Receitas do gás para o Estado aceleram a partirde 2029

A partir de 2029 prevê-se uma aceleração gradual das receitas resultantes da exploração do Gás Natural Liquefeito (GNL), associada à evolução dos projectos em desenvolvimento e ao aumento dos níveis de produção.

Algumas das razões desta expectativa têm a ver com o facto de até 2028 prever-se que a plataforma Coral Norte esteja em funcionamento, incluindo o projecto da Área 1 da Bacia do Rovuma da TotalEnergies, que deverá igualmente entrar em operações no último trimestre de 2029.

A informação consta do Cenário Fiscal de Médio Prazo (CFMP) 2027-2029, divulgado semana finda pelo Ministério da Planificação e Desenvolvimento.

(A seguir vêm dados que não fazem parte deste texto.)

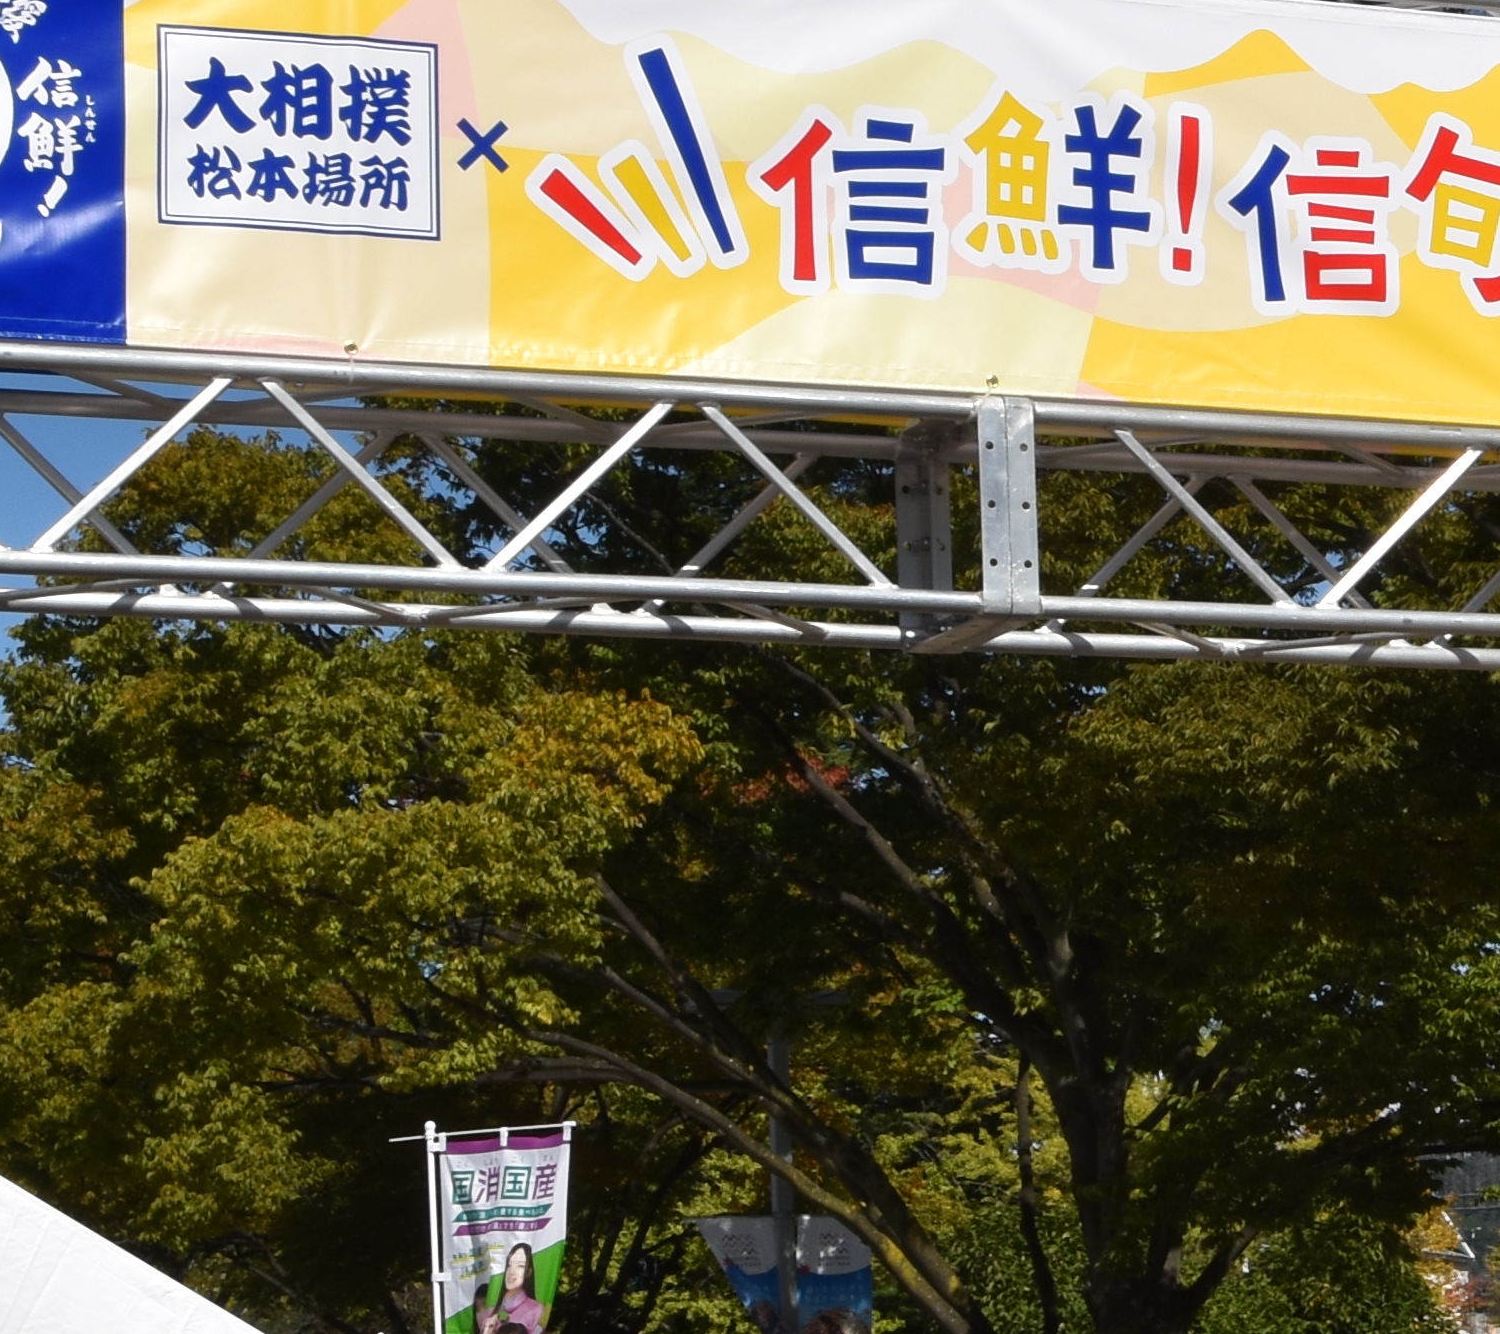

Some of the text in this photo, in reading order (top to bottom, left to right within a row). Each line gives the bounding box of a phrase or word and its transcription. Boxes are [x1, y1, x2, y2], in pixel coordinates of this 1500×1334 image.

[183, 56, 412, 146] 大相撲
[186, 143, 411, 212] 松本場所
[451, 1164, 557, 1205] 国消国産

O documento constitui o instrumento central de programação macrofiscal do Estado, estabelecendo o enquadramento plurianual da política orçamental e definindo a trajectória indicativa das receitas, despesas, financiamento e dívida pública.


Neste sentido, considera-se que as receitas provenientes do GNL reforçarão progressivamente a capacidade de financiamento do Estado, contribuindo para a sustentabilidade das Finanças Públicas e para o financiamento das prioridades de desenvolvimento.


As receitas do Estado provenientes da exploração do GNL deverão manterse relativamente estáveis em 2027, reflectindo essencialmente a contribuição dos projectos actualmente em produção.


Neste período, o imposto sobre a produção de petróleo deverá atingir 2,332.5 milhões de meticais. Simultaneamente, o imposto sobre o petróleolucro vai atingir a cifra de 4,122.8 milhões. Na verdade, estas projecções das receitas provenientes da exploração de GNL para o período 2027-2029 baseiam-se em pressupostos relativos à evolução da produção, calendarização dos projectos, enquadramento fiscal aplicável e perspectivas dos mercados internacionais de energia.


As projecções consideram a continuidade das operações dos projectos actualmente em produção, a implementação faseada dos projectos de desenvolvimento previstos no sector e a evolução dos preços internacionais do gás natural em linha com as perspectivas dos mercados energéticos.

Entraram na equação, igualmente, a manutenção do quadro legal e fiscal aplicável ao sector extractivo, a afectação das receitas de acordo com as disposições da Lei do Fundo Soberano.


Não obstante às perspectivas favoráveis de médio prazo, as projecções permanecem sujeitas a riscos associados à evolução dos mercados internacionais, calendarização dos investimentos, condições operacionais dos projectos e ao contexto de segurança nas zonas de implementação dos projectos.